Output each entry verbatim and exclude every picture from it.

• Saved data entries:
---*---

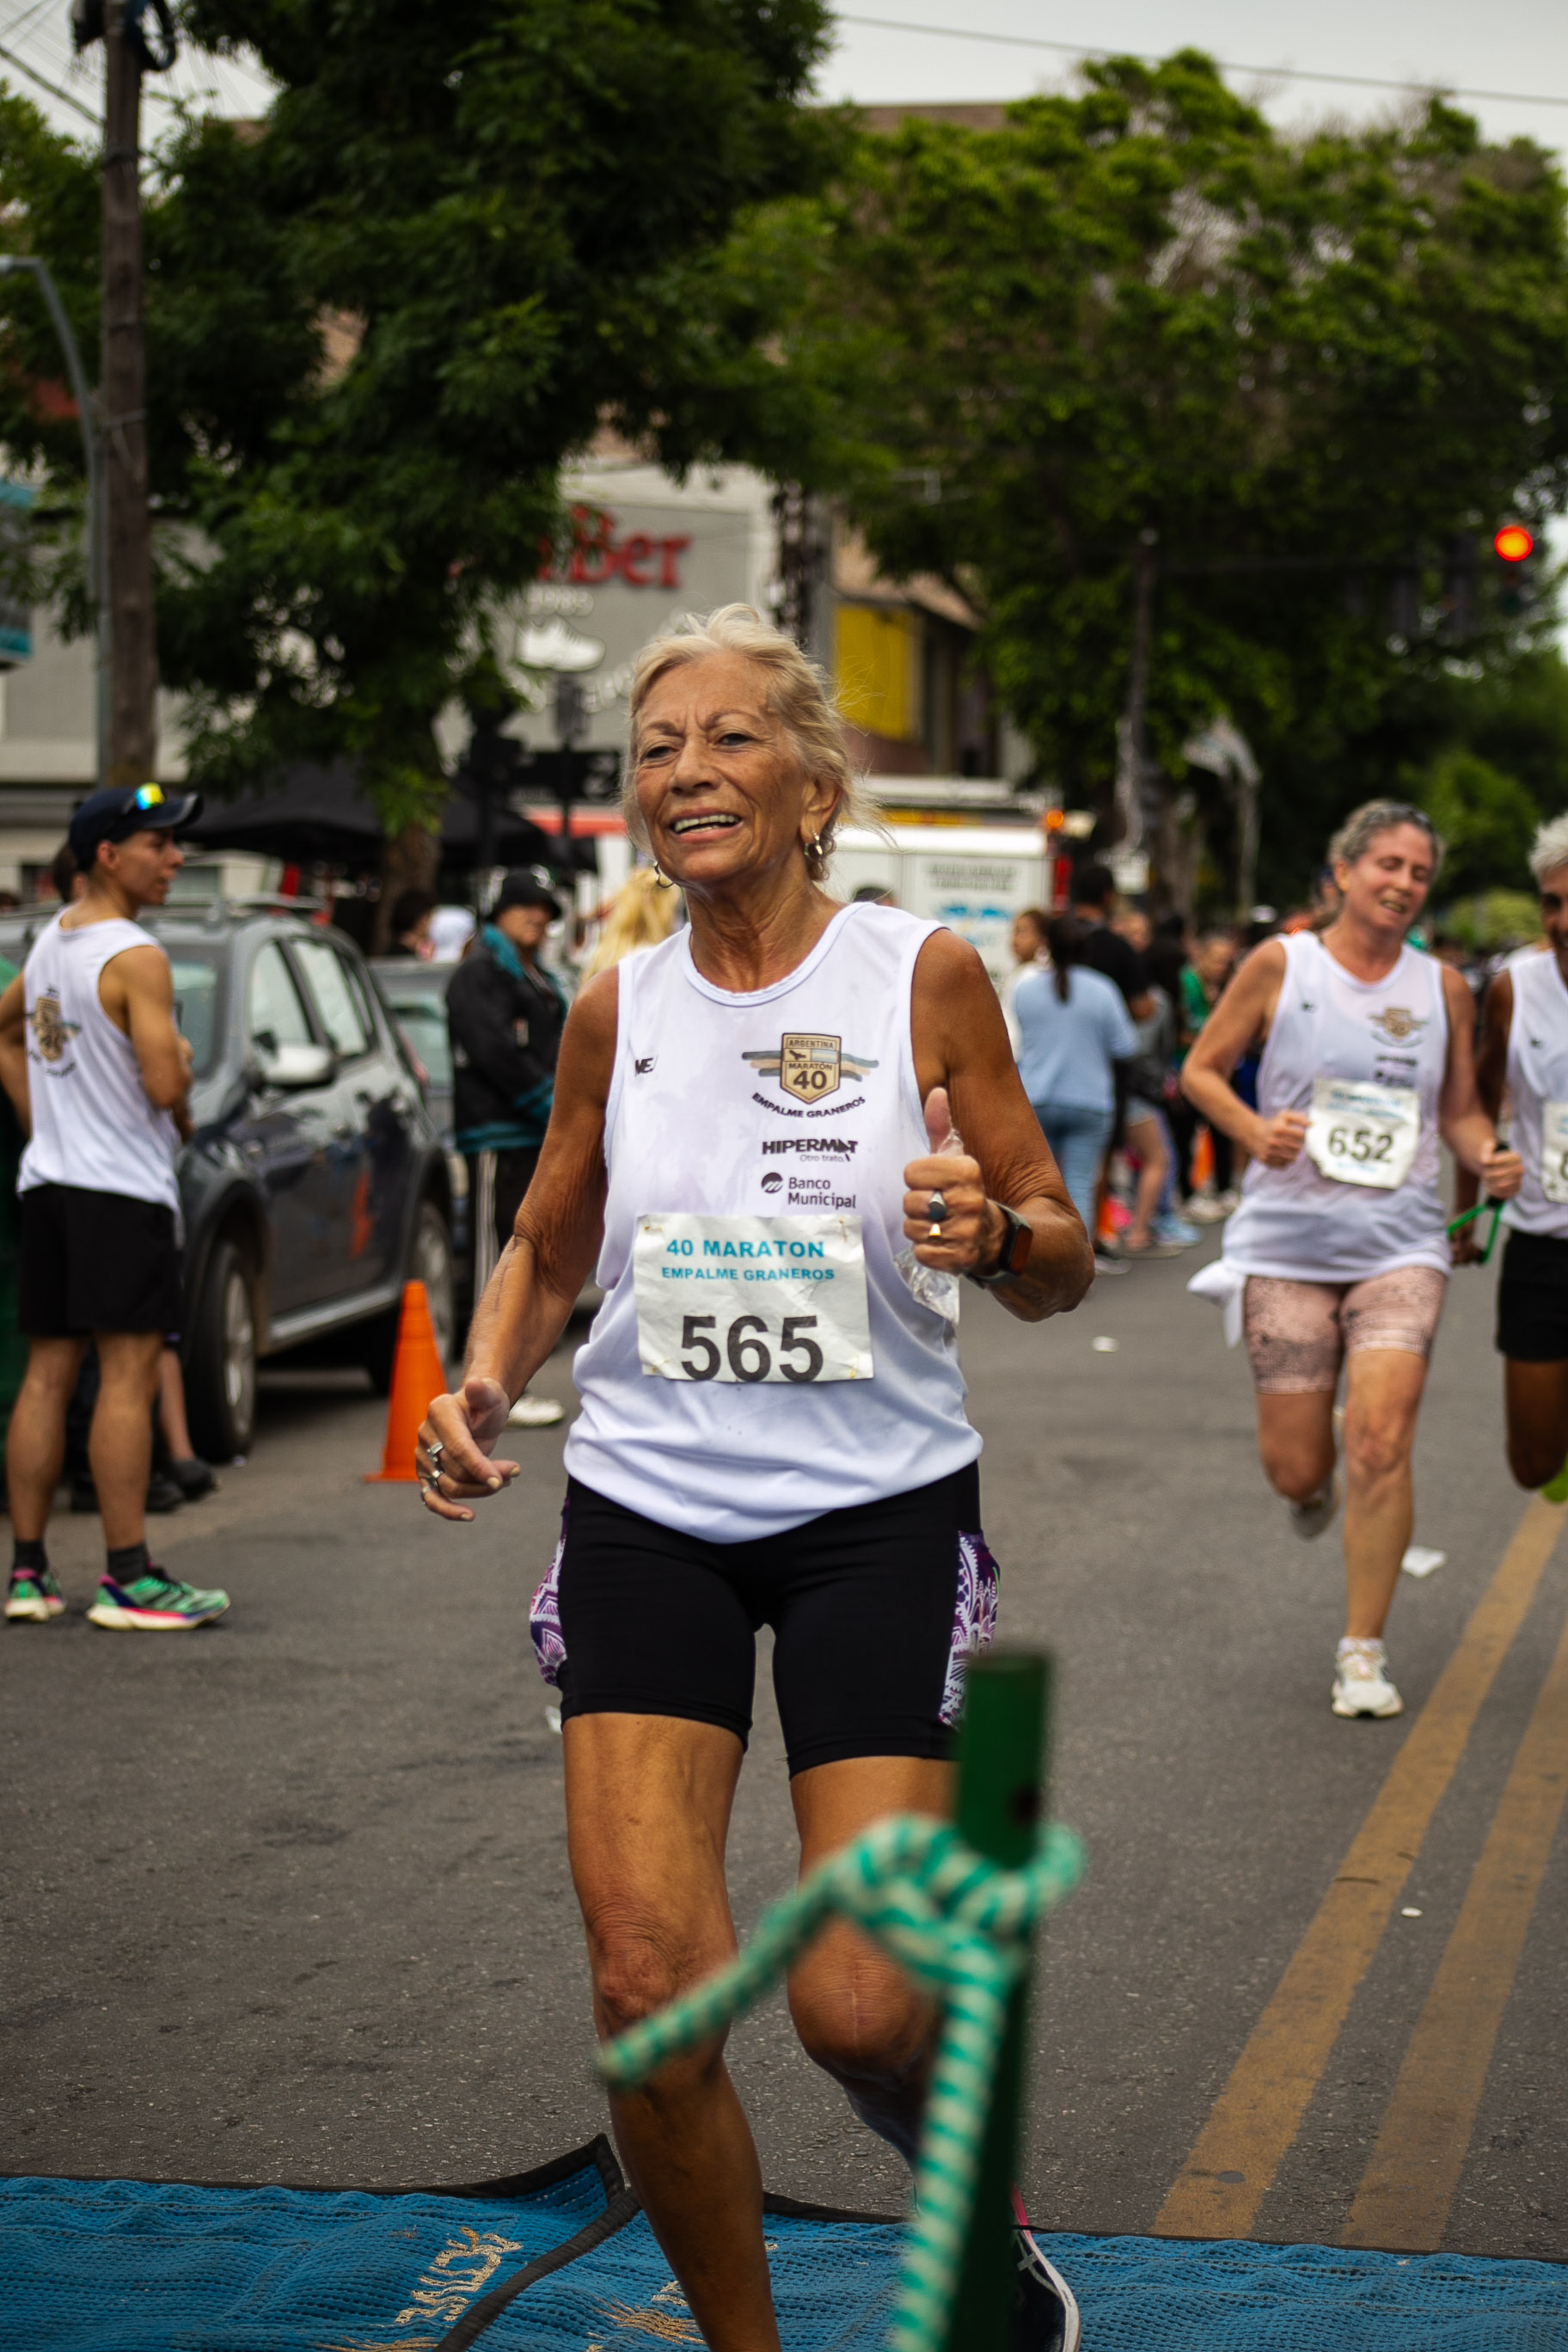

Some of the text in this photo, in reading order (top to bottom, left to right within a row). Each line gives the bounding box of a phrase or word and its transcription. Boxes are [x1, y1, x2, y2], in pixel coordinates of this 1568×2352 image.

[788, 1039, 835, 1049] ARGENTINA
[793, 1071, 827, 1089] 40
[751, 1092, 866, 1118] EMPALME GRANEROS
[1327, 1127, 1393, 1163] 652
[799, 1154, 820, 1162] Otro
[788, 1177, 831, 1190] Banco
[787, 1192, 856, 1210] Municipal
[666, 1239, 825, 1259] 40 MARATON
[661, 1266, 836, 1282] EMPALME GRANEROS
[680, 1314, 824, 1382] 565

---*---

• SOLUTION TO THIS EXERCISE:
Some of the text in this photo, in reading order (top to bottom, left to right within a row). Each line gives the bounding box of a phrase or word and its transcription. Boxes are [x1, y1, x2, y2], in pixel coordinates of this 1568×2352 image.

[788, 1039, 835, 1049] ARGENTINA
[793, 1071, 827, 1089] 40
[751, 1092, 866, 1118] EMPALME GRANEROS
[1327, 1127, 1393, 1163] 652
[799, 1154, 820, 1162] Otro
[788, 1177, 831, 1190] Banco
[787, 1192, 856, 1210] Municipal
[666, 1239, 825, 1259] 40 MARATON
[661, 1266, 836, 1282] EMPALME GRANEROS
[680, 1314, 824, 1382] 565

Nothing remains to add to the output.